Data centers have been automatically permitted in land classified for “commercial light industrial” (CLI) use, but county officials in the Virginia county voted to put data centers in a “special exception” category, which requires approval for each individual project, after a new power substation and transmission lines were announced, to supply a pre-approved data center in a CLI zone.
Data centers - low impact?
Data centers seem like a good fit for areas zoned for light industrial and retail businesses, and it seems that making your community data center friendly could have long term positive effects.
Data centers don’t add appreciably to road traffic, are constructed quickly, and have the potential to attract a few high-paying jobs and even significant taxes over the life of the facility.
But officials in Loudoun County, have developed a sudden case of nerves when a data center was approved for construction in one of the 125 parcels covering 690 acres in their community that have been zoned for data center development as commercial light industrial use.
The problem, as identified by county supervisors Matt Letourneau and Janet Clarke, is that residential communities have sprung up in the space between the CLI zoned parcels.
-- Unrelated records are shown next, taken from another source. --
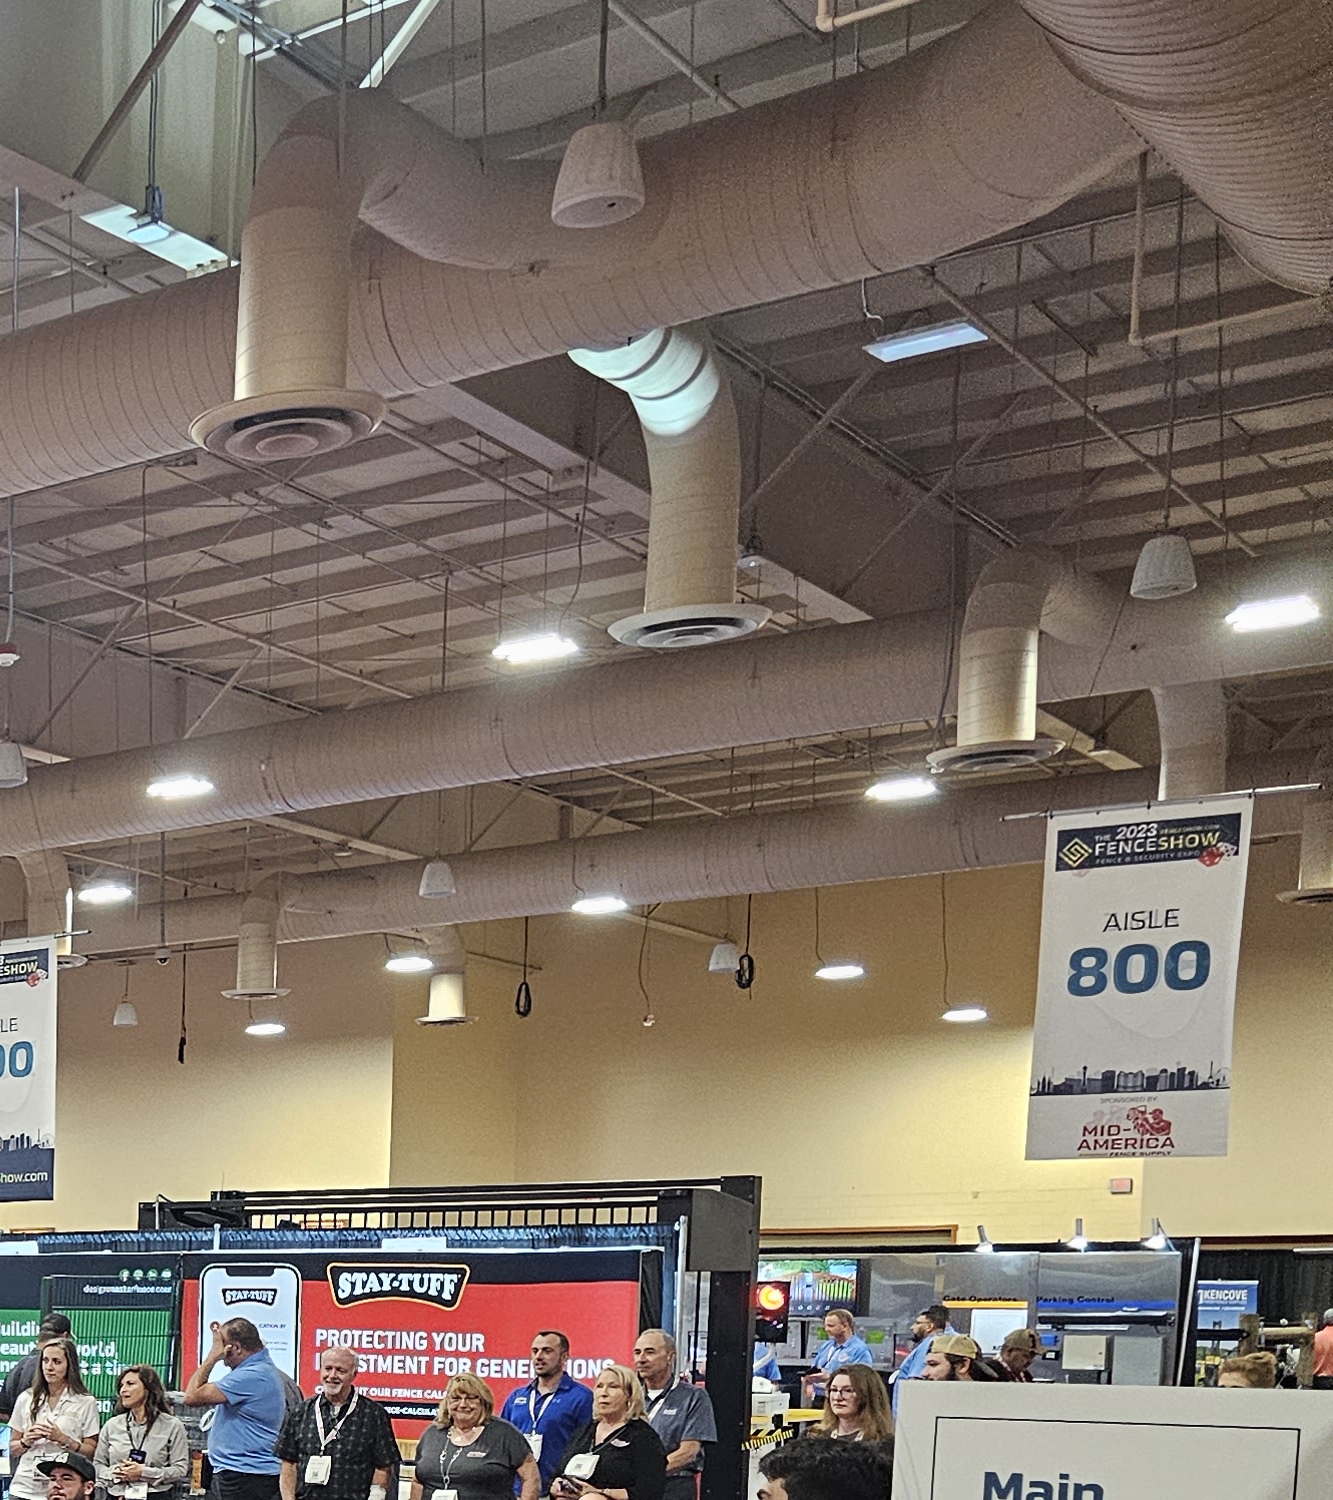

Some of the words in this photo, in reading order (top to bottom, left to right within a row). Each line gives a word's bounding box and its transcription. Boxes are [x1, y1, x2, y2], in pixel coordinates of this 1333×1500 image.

[1094, 834, 1111, 842] THE
[1115, 823, 1158, 840] 2023
[1094, 831, 1221, 857] FENCESHOW
[1095, 857, 1122, 865] FENCE
[1134, 852, 1175, 863] SECURITY
[1177, 850, 1200, 859] EXPO
[1102, 908, 1180, 933] AISLE
[1066, 939, 1211, 998] 800
[1083, 1125, 1131, 1137] MID-
[1077, 1136, 1175, 1151] AMERICA
[338, 1271, 459, 1300] STAY-TUFF
[225, 1290, 275, 1303] STAY-TUFF
[1036, 1296, 1074, 1304] Parking
[1077, 1296, 1115, 1304] Control
[1204, 1289, 1248, 1300] KENCOVE
[315, 1328, 428, 1350] PROTECTING
[431, 1332, 485, 1353] YOUR
[315, 1355, 429, 1375] ISTMENT
[433, 1357, 471, 1375] FOR
[476, 1358, 615, 1380] GENEIONS
[369, 1387, 391, 1398] OUR
[394, 1388, 423, 1399] FENCE
Data centers are automatically permitted in CLI zoning and have little impact on traffic or area esthetics, but he supervisors are concerned about the supporting infrastructure to supply them with power.
An as yet unidentified company secured the rights to build a data center in their community, under the existing regulations, and the community discovered that the utility, Dominion Virginia Power, was required by law to build the power infrastructure for the facility. This meant power lines and poles that wouldn’t be restricted to just the CLI zoned areas, as well as a new power substation.
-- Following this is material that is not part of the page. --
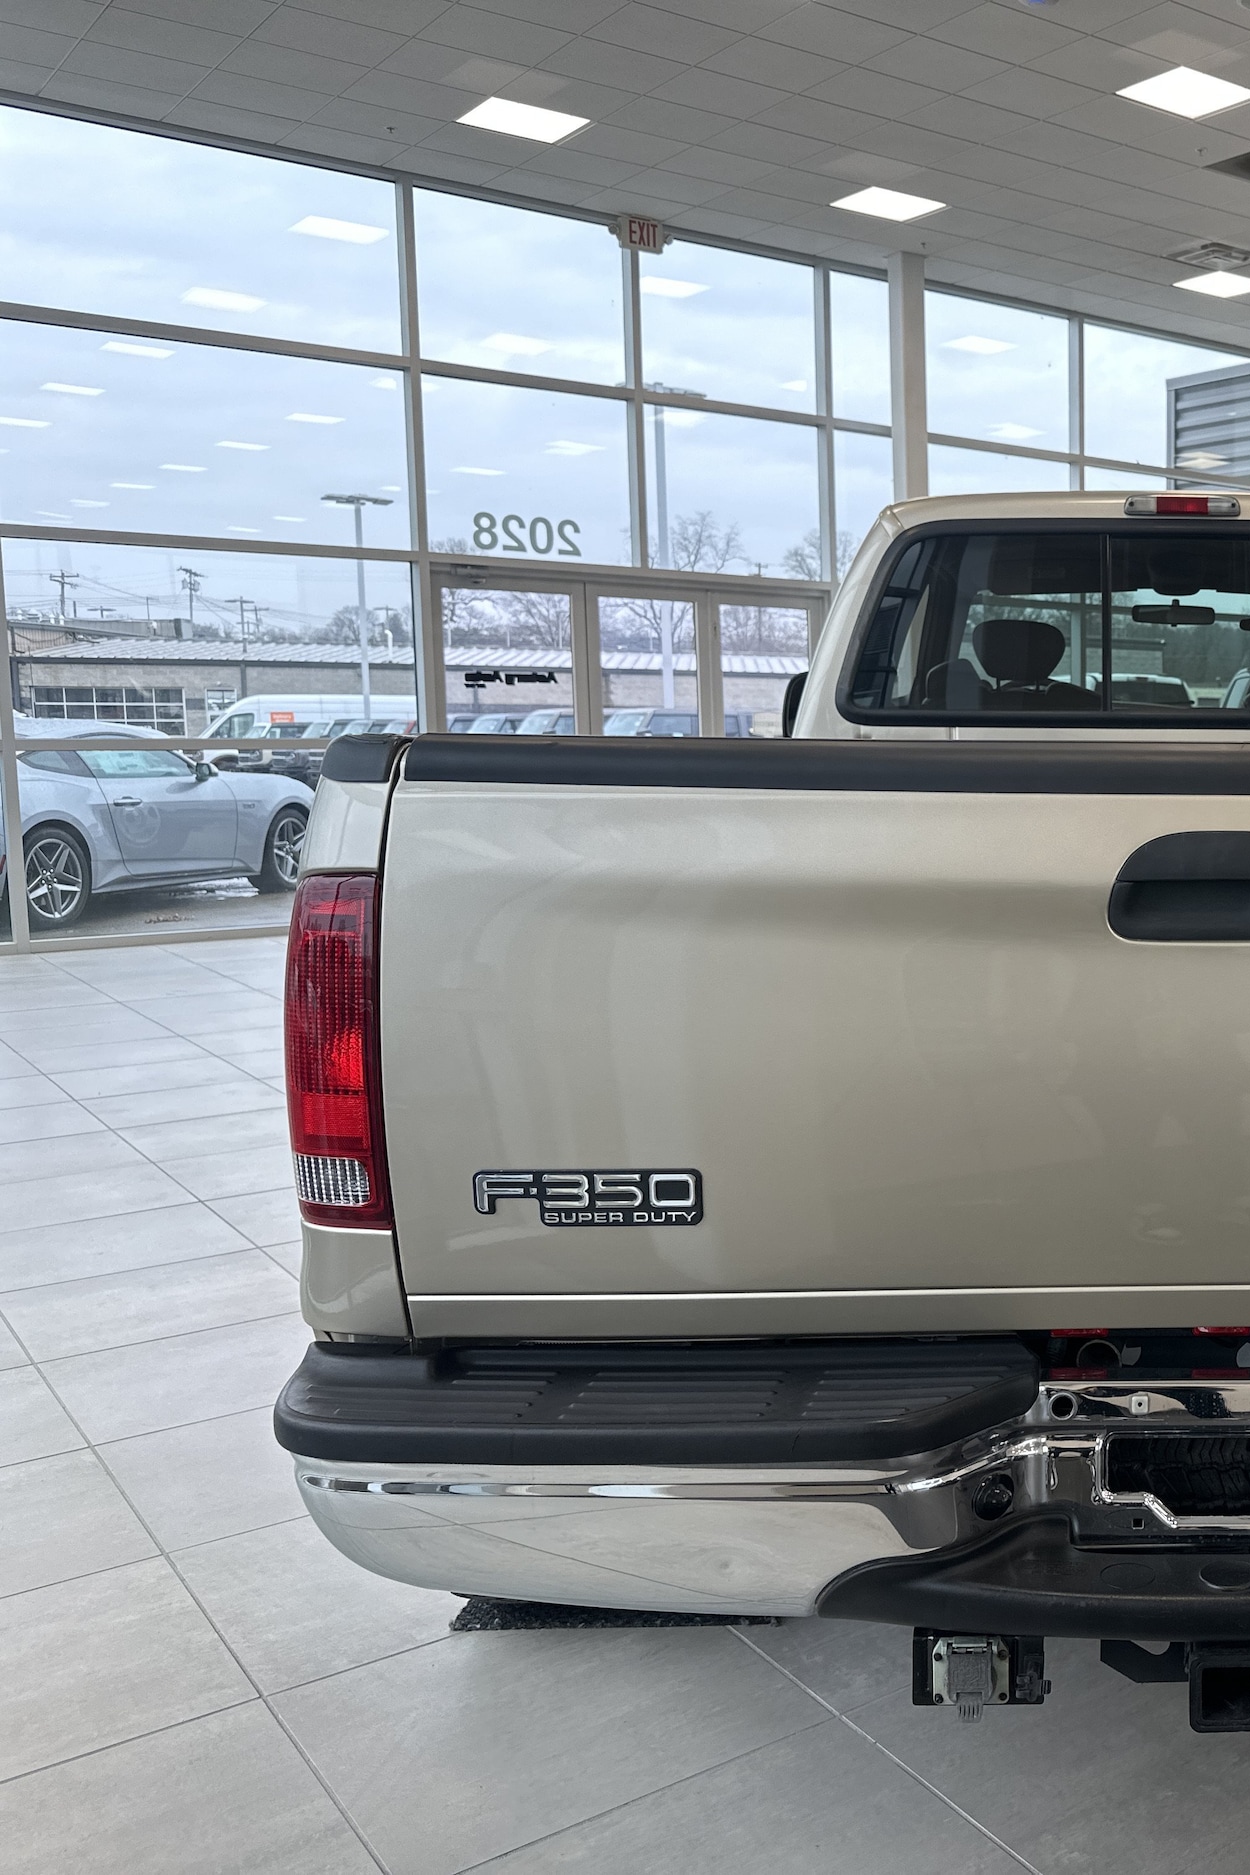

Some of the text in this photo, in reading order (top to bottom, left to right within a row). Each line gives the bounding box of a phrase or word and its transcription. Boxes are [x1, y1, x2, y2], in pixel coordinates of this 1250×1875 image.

[628, 219, 658, 248] EXIT
[544, 1211, 697, 1224] SUPER DUTY
Fearing that this infrastructure construction will have a negative impact on the quality of life for local residents, the supervisors voted 6-3 for a resolution under which data centers are no longer “permitted” but are moved to a “special exception” zoning category that will require each facility to be carefully scrutinized by the boards.
Some supervisors argued that this would negate the efforts they put in to making the area data center friendly, but the majority decided that the potential of unfettered data center construction was not acceptable.